Many lenders don’t want their assets to disappear and agree to debt restructuring (changing the terms of the debt. Eg: paying less, paying more slowly, etc).

Even though debt disappears, debt restructuring causes income and asset values to disappear faster (because people are refunding their debt slower), so the debt burden continues to get worse.

All of this impacts the central government because lower incomes and less employment means the government collects fewer taxes, but it also means it needs to increase spending to care for the unemployed, to conduct daily business, and to create a stimulus plan.

Governments’ budget deficits explode. They need to find money somewhere, which leads to the third point.

  1. Wealth redistribution

Since governments need more money, they increase taxes on the rich and redistribute the money to the less fortunate. They resent the rich for being rich, while the rich resent the poor for having to give them their money.

Social disorder can break out, tensions can arise in and between countries.

Since most of what people thought was money was actually credit, when credit disappears, people don’t have enough money and are desperate for it.

Since the interest rate is already low, and no one wants to borrow money, we need to go to the last point.

  1. The central bank prints new money.

Unlike cut in spending, debt reduction and wealth redistribution, printing money is inflationary and stimulative.

Inevitably, the central bank prints new money out of thin air and uses it to buy financial assets and government bonds, which drives asset prices up and makes people (that own assets) more worthy of credit.

With that money, governments can pay for social security and launch their stimulus plan.

While this increases people’s income and lowers the economy’s total debt burden, it increases the country’s debt.

This is very risky (especially for countries that import a lot from abroad).

Policymakers must balance the four ways that debt burdens come down.

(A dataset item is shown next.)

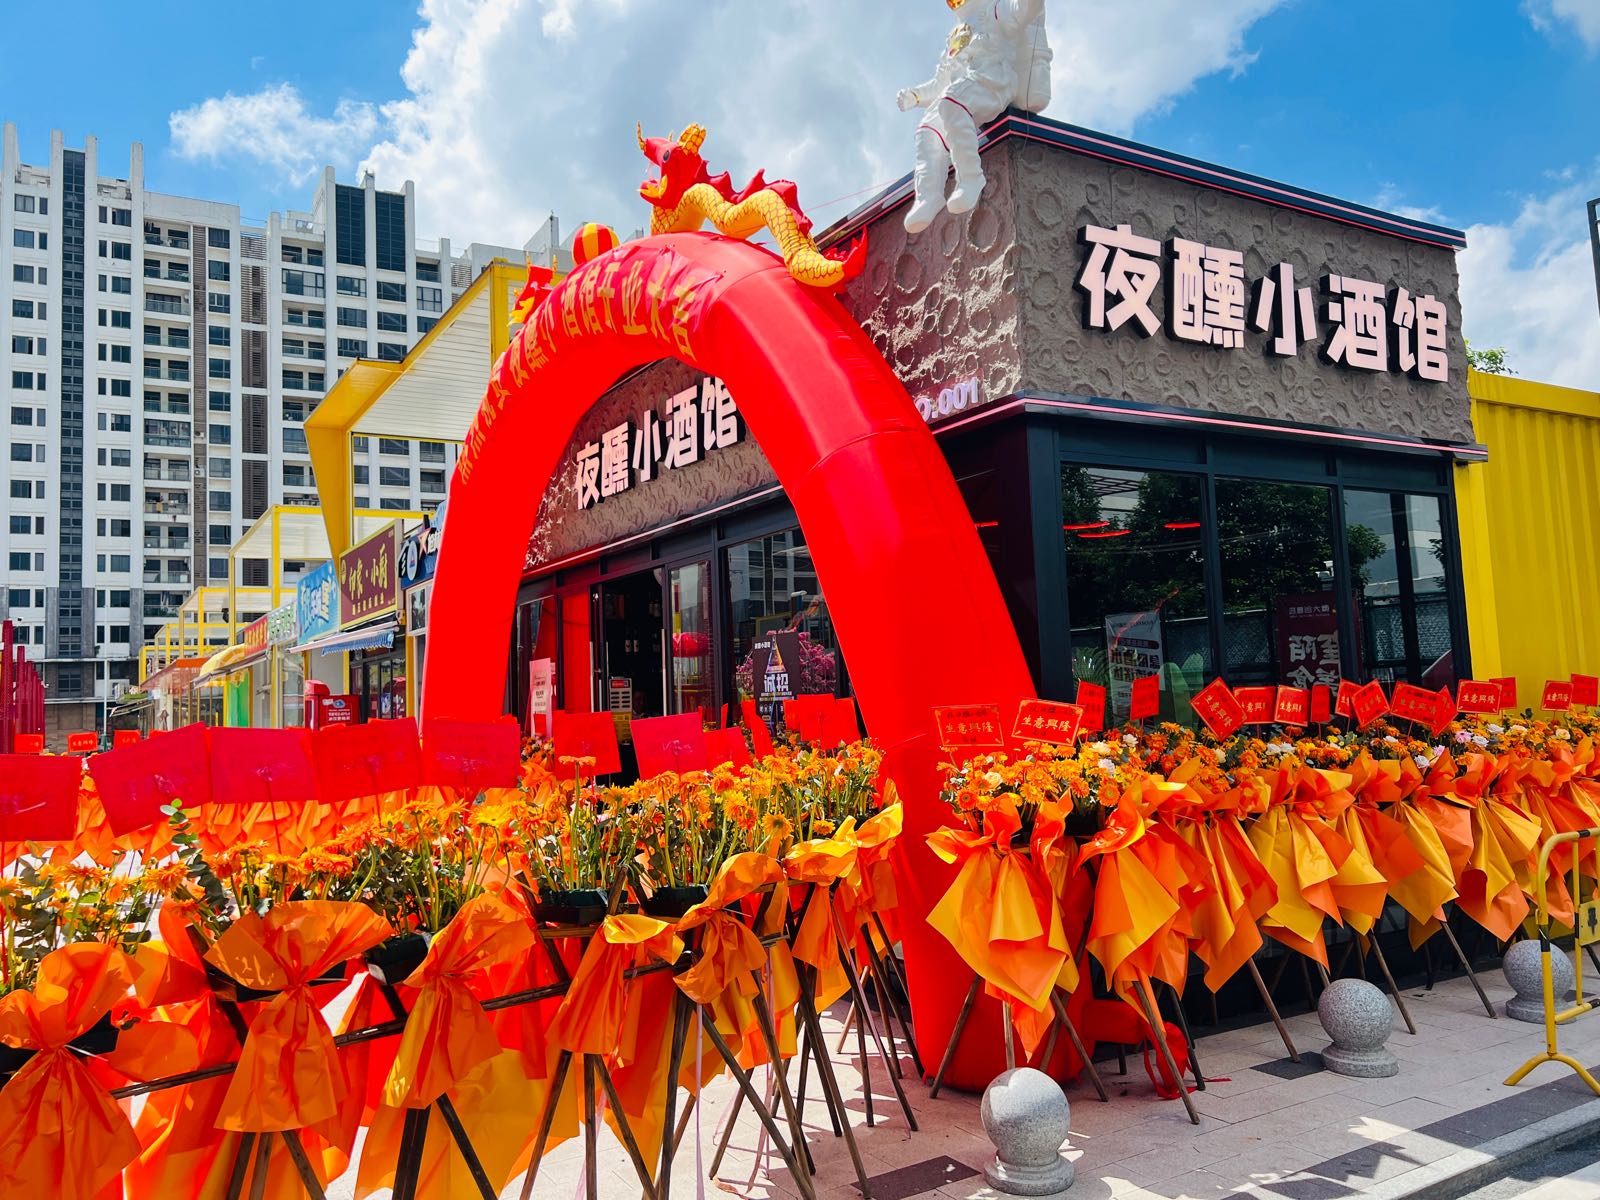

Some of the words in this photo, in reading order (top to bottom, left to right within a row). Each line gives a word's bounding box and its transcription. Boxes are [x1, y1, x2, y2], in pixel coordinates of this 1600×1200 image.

The deflationary ways (austerity) need to balance with the inflationary ways (printing) in order to maintain stability.

If balanced correctly, there can be a beautiful deleveraging where debts decline relative to income, real economic growth is positive and inflation isn’t a problem.

It is achieved by having the right balance which requires a certain mix of cuts of these four methods.

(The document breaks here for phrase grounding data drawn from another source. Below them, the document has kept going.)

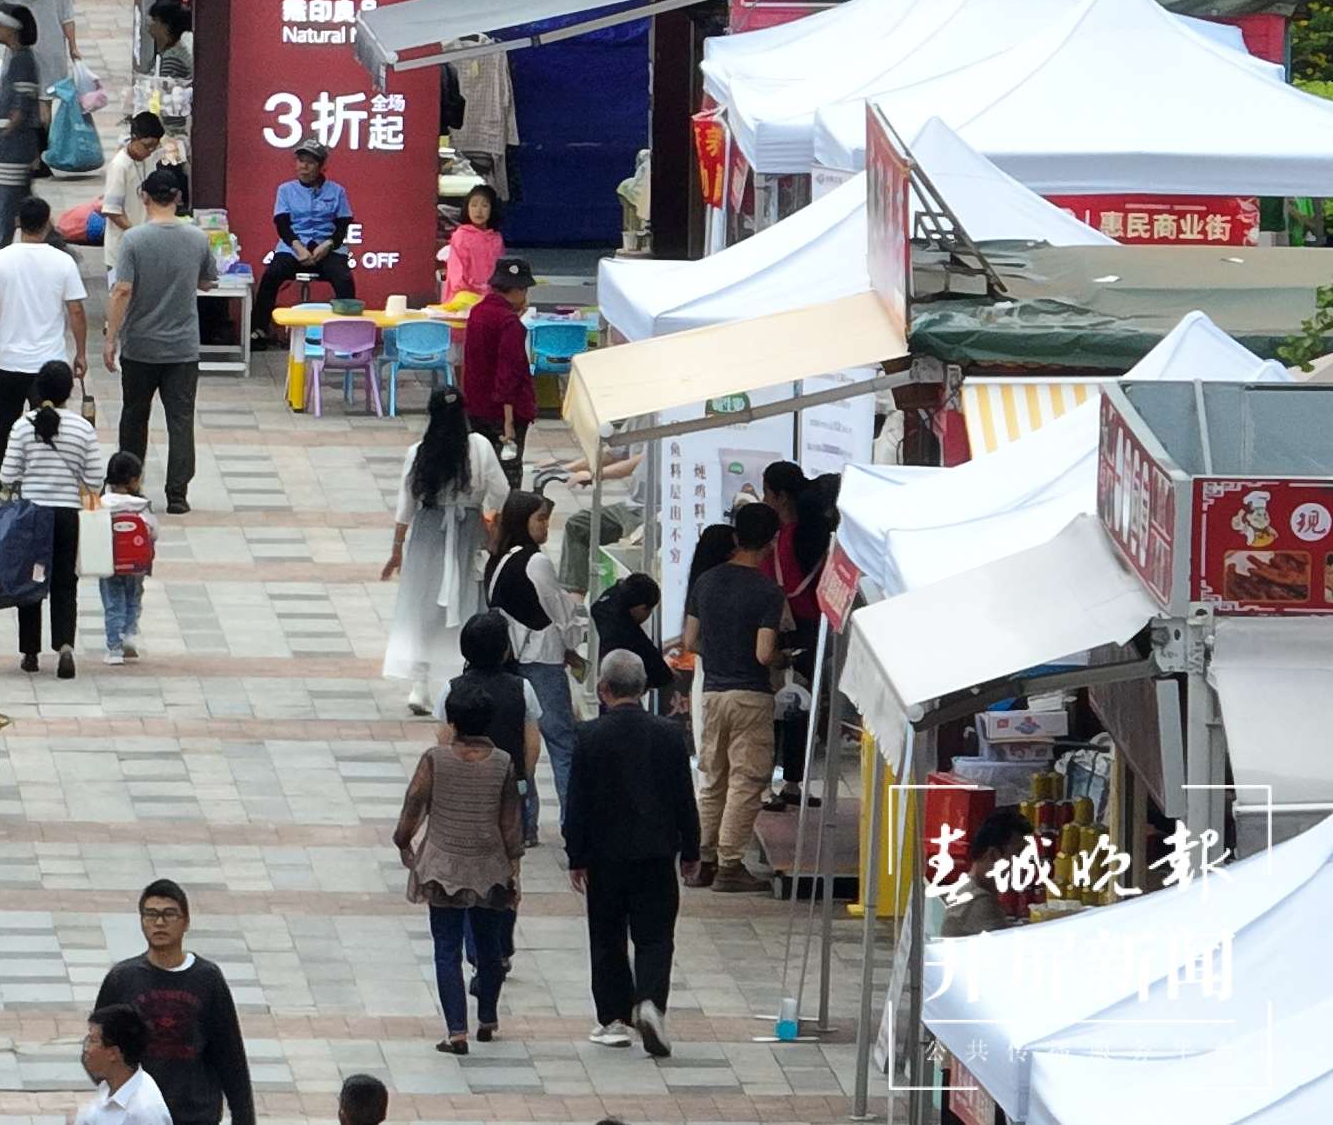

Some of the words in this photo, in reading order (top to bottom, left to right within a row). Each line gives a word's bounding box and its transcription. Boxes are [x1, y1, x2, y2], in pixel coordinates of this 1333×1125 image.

[282, 25, 346, 43] Natural
[370, 94, 406, 112] 全场
[367, 114, 405, 150] 起
[1100, 211, 1232, 241] 惠民商业街
[362, 252, 400, 268] OFF
[1297, 510, 1327, 534] 现

But will printing money not trigger inflation? It won’t if it offsets falling credit (understand: as long as you don’t print more than the level of debt).

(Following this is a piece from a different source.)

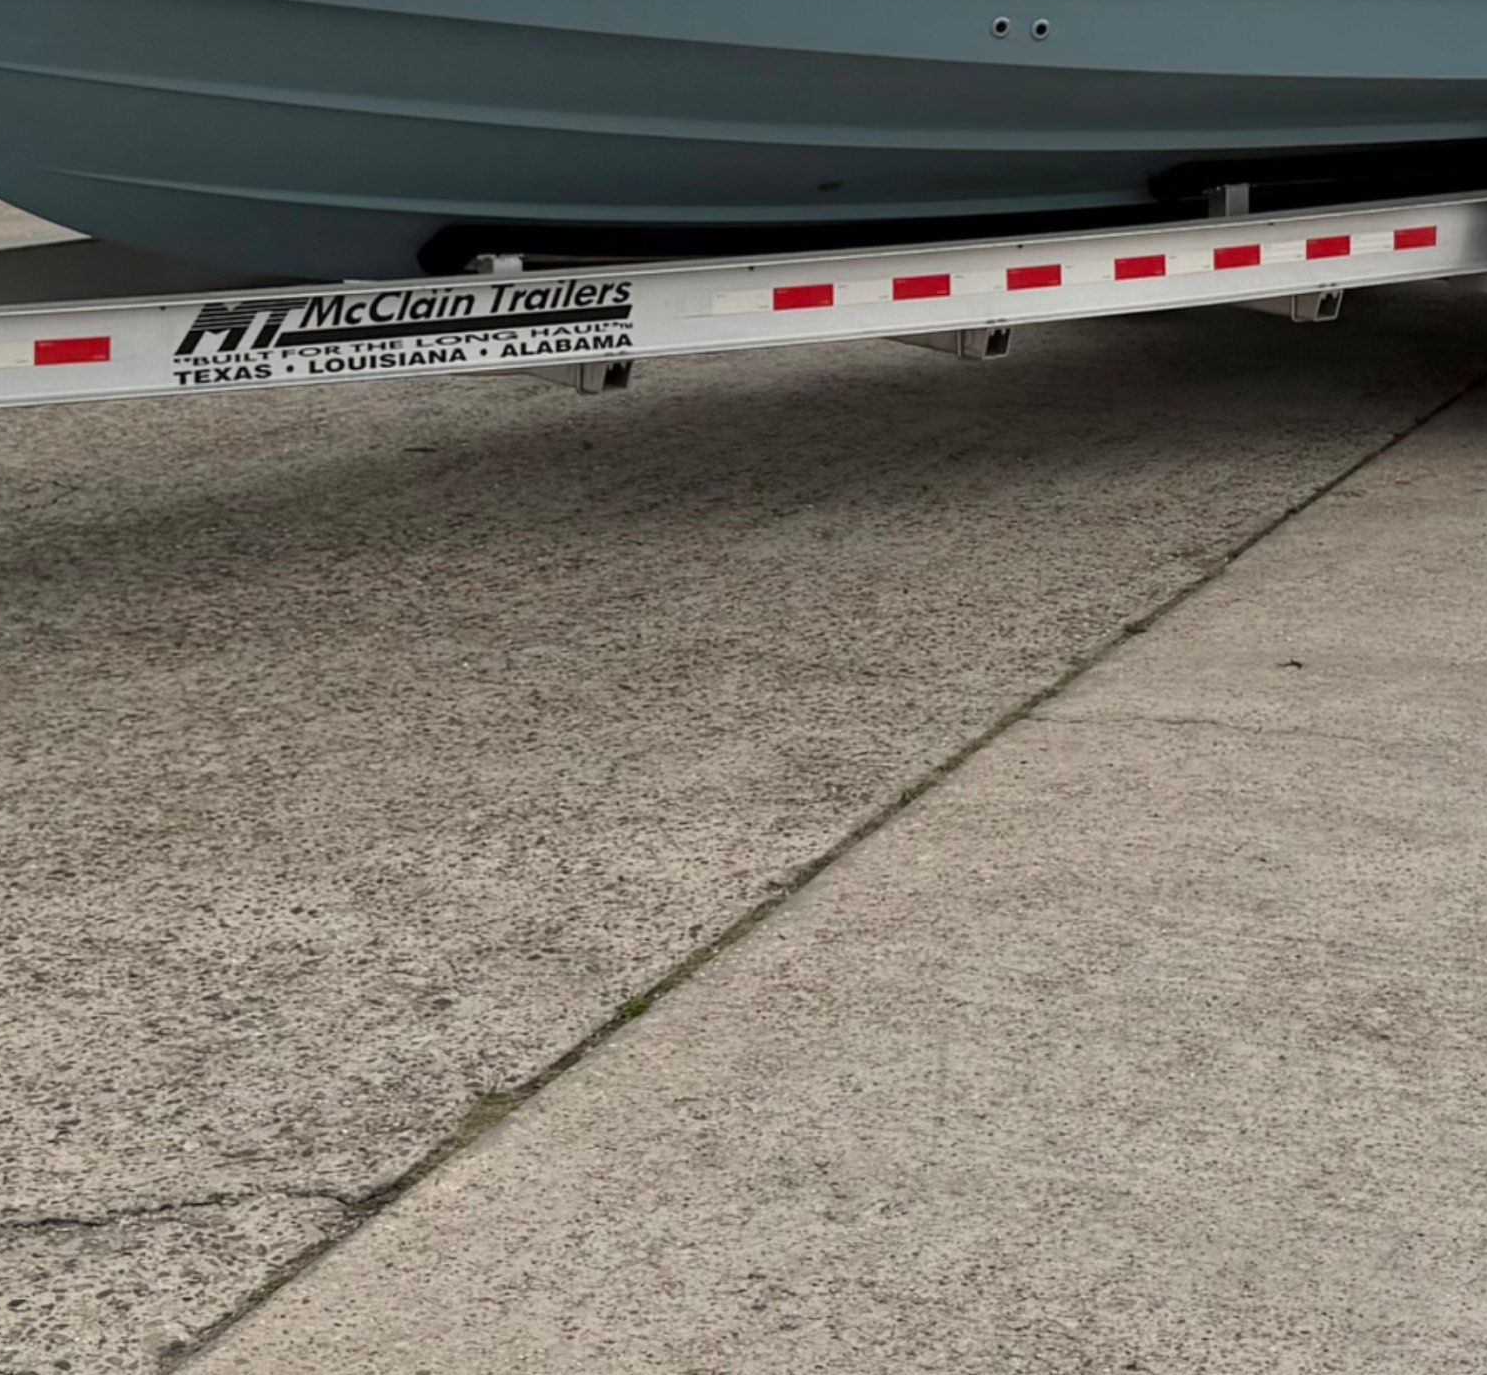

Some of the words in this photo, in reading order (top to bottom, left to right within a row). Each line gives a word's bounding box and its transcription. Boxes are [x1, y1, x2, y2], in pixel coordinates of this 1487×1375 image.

Remember, spending is what matters. A dollar of spending from a salary is the same as a dollar of spending from a credit card.

By printing money, the central bank can make up for the disappearance of credit with an increase in the amount of money.

In order to turn things around, the central bank needs to not only pump up income growth but get the rate of income growth higher than the rate of interest on the accumulated debt (income needs to grow faster than debt grows).

You need to print enough money to get the rate of income growth above the rate of interest.

However, printing money could easily be abused because it’s so easy to do and people prefer it to the alternatives.

The key is to avoid printing too much money and causing unacceptably high inflation.

If policymakers achieve the right balance, a deleveraging isn’t so dramatic, growth is slow but debt burdens go down. That’s a beautiful deleveraging.

When incomes begin to rise, borrowers begin to appear more creditworthy, and when borrowers appear more creditworthy, lenders begin to lend money again.

Debt burdens finally begin to fall, people can spend more and the economy begins to grow again, leading to the reflation phase of the long-term debt cycle.

Deleveraging takes roughly a decade or more for debt burdens to fall and economic activity to get back to normal, hence the term “lost decade”.

Conclusion

So, in summary, there are three rules of thumb.

First, don’t have debt rise faster than income because your debt burdens will eventually crush you.

Second, don’t have income rise faster than productivity because you’ll eventually become uncompetitive (don’t pay people higher than the value they produce).

And third, do all that you can to raise your productivity because in the long run, that’s what matters most.